[What to work on]
Repeat the records. Leave nothing out.

[Records shown]
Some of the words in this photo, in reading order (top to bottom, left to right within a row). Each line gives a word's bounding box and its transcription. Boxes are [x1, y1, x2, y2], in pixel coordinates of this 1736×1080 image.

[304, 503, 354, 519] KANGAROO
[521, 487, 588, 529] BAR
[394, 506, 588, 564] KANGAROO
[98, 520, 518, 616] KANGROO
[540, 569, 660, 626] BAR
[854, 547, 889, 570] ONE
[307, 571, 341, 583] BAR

[Written answer]
Some of the words in this photo, in reading order (top to bottom, left to right within a row). Each line gives a word's bounding box and its transcription. Boxes are [x1, y1, x2, y2], in pixel coordinates of this 1736×1080 image.

[304, 503, 354, 519] KANGAROO
[521, 487, 588, 529] BAR
[394, 506, 588, 564] KANGAROO
[98, 520, 518, 616] KANGROO
[540, 569, 660, 626] BAR
[854, 547, 889, 570] ONE
[307, 571, 341, 583] BAR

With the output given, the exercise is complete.